**PROBLEM:**
The full set of records must be returned exactly, character for character.

**ENTRIES PROVIDED:**

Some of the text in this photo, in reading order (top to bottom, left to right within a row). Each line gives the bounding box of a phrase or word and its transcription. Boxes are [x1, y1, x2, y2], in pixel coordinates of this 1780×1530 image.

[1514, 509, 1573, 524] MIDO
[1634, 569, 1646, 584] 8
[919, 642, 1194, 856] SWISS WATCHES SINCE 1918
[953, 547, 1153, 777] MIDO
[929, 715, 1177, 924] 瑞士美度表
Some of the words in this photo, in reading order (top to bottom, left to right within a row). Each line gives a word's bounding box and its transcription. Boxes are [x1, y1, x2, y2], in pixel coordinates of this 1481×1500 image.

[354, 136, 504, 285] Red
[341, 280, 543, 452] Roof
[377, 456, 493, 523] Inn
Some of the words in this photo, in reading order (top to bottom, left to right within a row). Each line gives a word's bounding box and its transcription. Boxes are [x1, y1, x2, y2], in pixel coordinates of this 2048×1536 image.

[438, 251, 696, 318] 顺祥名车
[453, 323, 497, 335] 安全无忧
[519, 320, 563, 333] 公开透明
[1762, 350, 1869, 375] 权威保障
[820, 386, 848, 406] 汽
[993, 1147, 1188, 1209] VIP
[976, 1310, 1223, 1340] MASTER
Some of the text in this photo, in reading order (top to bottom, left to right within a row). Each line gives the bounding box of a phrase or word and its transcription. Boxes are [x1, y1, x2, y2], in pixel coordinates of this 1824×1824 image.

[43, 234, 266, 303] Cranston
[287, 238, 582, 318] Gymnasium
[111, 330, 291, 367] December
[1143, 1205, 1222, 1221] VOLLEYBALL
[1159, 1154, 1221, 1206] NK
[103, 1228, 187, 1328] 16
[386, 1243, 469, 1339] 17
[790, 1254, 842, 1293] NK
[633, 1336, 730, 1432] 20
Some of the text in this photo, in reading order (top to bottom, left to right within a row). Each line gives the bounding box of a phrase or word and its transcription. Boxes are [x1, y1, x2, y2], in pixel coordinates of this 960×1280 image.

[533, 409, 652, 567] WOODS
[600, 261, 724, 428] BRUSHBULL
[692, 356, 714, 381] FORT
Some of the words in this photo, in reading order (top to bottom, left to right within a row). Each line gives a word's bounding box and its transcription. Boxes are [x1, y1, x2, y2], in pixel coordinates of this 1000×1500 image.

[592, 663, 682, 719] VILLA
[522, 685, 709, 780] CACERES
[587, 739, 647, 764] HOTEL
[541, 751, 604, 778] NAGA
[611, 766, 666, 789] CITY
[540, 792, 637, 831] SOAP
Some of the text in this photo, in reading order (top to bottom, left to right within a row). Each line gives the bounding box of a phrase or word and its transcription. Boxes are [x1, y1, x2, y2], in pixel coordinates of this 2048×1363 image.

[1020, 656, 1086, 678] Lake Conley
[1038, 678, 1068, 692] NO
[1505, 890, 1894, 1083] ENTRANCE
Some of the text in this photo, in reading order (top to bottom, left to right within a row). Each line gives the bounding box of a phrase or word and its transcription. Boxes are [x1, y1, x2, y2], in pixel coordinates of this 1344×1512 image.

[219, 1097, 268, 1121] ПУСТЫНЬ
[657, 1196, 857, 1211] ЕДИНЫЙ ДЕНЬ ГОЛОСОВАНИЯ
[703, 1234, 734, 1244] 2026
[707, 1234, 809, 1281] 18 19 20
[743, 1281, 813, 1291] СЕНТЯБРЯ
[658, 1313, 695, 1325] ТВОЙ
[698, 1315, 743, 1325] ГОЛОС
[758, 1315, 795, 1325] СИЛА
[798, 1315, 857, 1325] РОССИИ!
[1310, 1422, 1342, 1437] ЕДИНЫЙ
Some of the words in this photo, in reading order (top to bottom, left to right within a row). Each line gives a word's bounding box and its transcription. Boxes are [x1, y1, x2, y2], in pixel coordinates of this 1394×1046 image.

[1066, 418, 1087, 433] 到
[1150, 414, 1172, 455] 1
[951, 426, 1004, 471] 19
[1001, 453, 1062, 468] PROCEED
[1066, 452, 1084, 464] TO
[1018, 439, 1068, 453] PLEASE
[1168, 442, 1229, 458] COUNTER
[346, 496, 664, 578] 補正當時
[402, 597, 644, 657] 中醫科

**SOLUTION TO THIS PROBLEM:**
Some of the text in this photo, in reading order (top to bottom, left to right within a row). Each line gives the bounding box of a phrase or word and its transcription. Boxes are [x1, y1, x2, y2], in pixel coordinates of this 1780×1530 image.

[1514, 509, 1573, 524] MIDO
[1634, 569, 1646, 584] 8
[919, 642, 1194, 856] SWISS WATCHES SINCE 1918
[953, 547, 1153, 777] MIDO
[929, 715, 1177, 924] 瑞士美度表
Some of the words in this photo, in reading order (top to bottom, left to right within a row). Each line gives a word's bounding box and its transcription. Boxes are [x1, y1, x2, y2], in pixel coordinates of this 1481×1500 image.

[354, 136, 504, 285] Red
[341, 280, 543, 452] Roof
[377, 456, 493, 523] Inn
Some of the words in this photo, in reading order (top to bottom, left to right within a row). Each line gives a word's bounding box and its transcription. Boxes are [x1, y1, x2, y2], in pixel coordinates of this 2048×1536 image.

[438, 251, 696, 318] 顺祥名车
[453, 323, 497, 335] 安全无忧
[519, 320, 563, 333] 公开透明
[1762, 350, 1869, 375] 权威保障
[820, 386, 848, 406] 汽
[993, 1147, 1188, 1209] VIP
[976, 1310, 1223, 1340] MASTER
Some of the text in this photo, in reading order (top to bottom, left to right within a row). Each line gives the bounding box of a phrase or word and its transcription. Boxes are [x1, y1, x2, y2], in pixel coordinates of this 1824×1824 image.

[43, 234, 266, 303] Cranston
[287, 238, 582, 318] Gymnasium
[111, 330, 291, 367] December
[1143, 1205, 1222, 1221] VOLLEYBALL
[1159, 1154, 1221, 1206] NK
[103, 1228, 187, 1328] 16
[386, 1243, 469, 1339] 17
[790, 1254, 842, 1293] NK
[633, 1336, 730, 1432] 20
Some of the text in this photo, in reading order (top to bottom, left to right within a row). Each line gives the bounding box of a phrase or word and its transcription. Boxes are [x1, y1, x2, y2], in pixel coordinates of this 960×1280 image.

[533, 409, 652, 567] WOODS
[600, 261, 724, 428] BRUSHBULL
[692, 356, 714, 381] FORT
Some of the words in this photo, in reading order (top to bottom, left to right within a row). Each line gives a word's bounding box and its transcription. Boxes are [x1, y1, x2, y2], in pixel coordinates of this 1000×1500 image.

[592, 663, 682, 719] VILLA
[522, 685, 709, 780] CACERES
[587, 739, 647, 764] HOTEL
[541, 751, 604, 778] NAGA
[611, 766, 666, 789] CITY
[540, 792, 637, 831] SOAP
Some of the text in this photo, in reading order (top to bottom, left to right within a row). Each line gives the bounding box of a phrase or word and its transcription. Boxes are [x1, y1, x2, y2], in pixel coordinates of this 2048×1363 image.

[1020, 656, 1086, 678] Lake Conley
[1038, 678, 1068, 692] NO
[1505, 890, 1894, 1083] ENTRANCE
Some of the text in this photo, in reading order (top to bottom, left to right within a row). Each line gives the bounding box of a phrase or word and its transcription. Boxes are [x1, y1, x2, y2], in pixel coordinates of this 1344×1512 image.

[219, 1097, 268, 1121] ПУСТЫНЬ
[657, 1196, 857, 1211] ЕДИНЫЙ ДЕНЬ ГОЛОСОВАНИЯ
[703, 1234, 734, 1244] 2026
[707, 1234, 809, 1281] 18 19 20
[743, 1281, 813, 1291] СЕНТЯБРЯ
[658, 1313, 695, 1325] ТВОЙ
[698, 1315, 743, 1325] ГОЛОС
[758, 1315, 795, 1325] СИЛА
[798, 1315, 857, 1325] РОССИИ!
[1310, 1422, 1342, 1437] ЕДИНЫЙ
Some of the words in this photo, in reading order (top to bottom, left to right within a row). Each line gives a word's bounding box and its transcription. Boxes are [x1, y1, x2, y2], in pixel coordinates of this 1394×1046 image.

[1066, 418, 1087, 433] 到
[1150, 414, 1172, 455] 1
[951, 426, 1004, 471] 19
[1001, 453, 1062, 468] PROCEED
[1066, 452, 1084, 464] TO
[1018, 439, 1068, 453] PLEASE
[1168, 442, 1229, 458] COUNTER
[346, 496, 664, 578] 補正當時
[402, 597, 644, 657] 中醫科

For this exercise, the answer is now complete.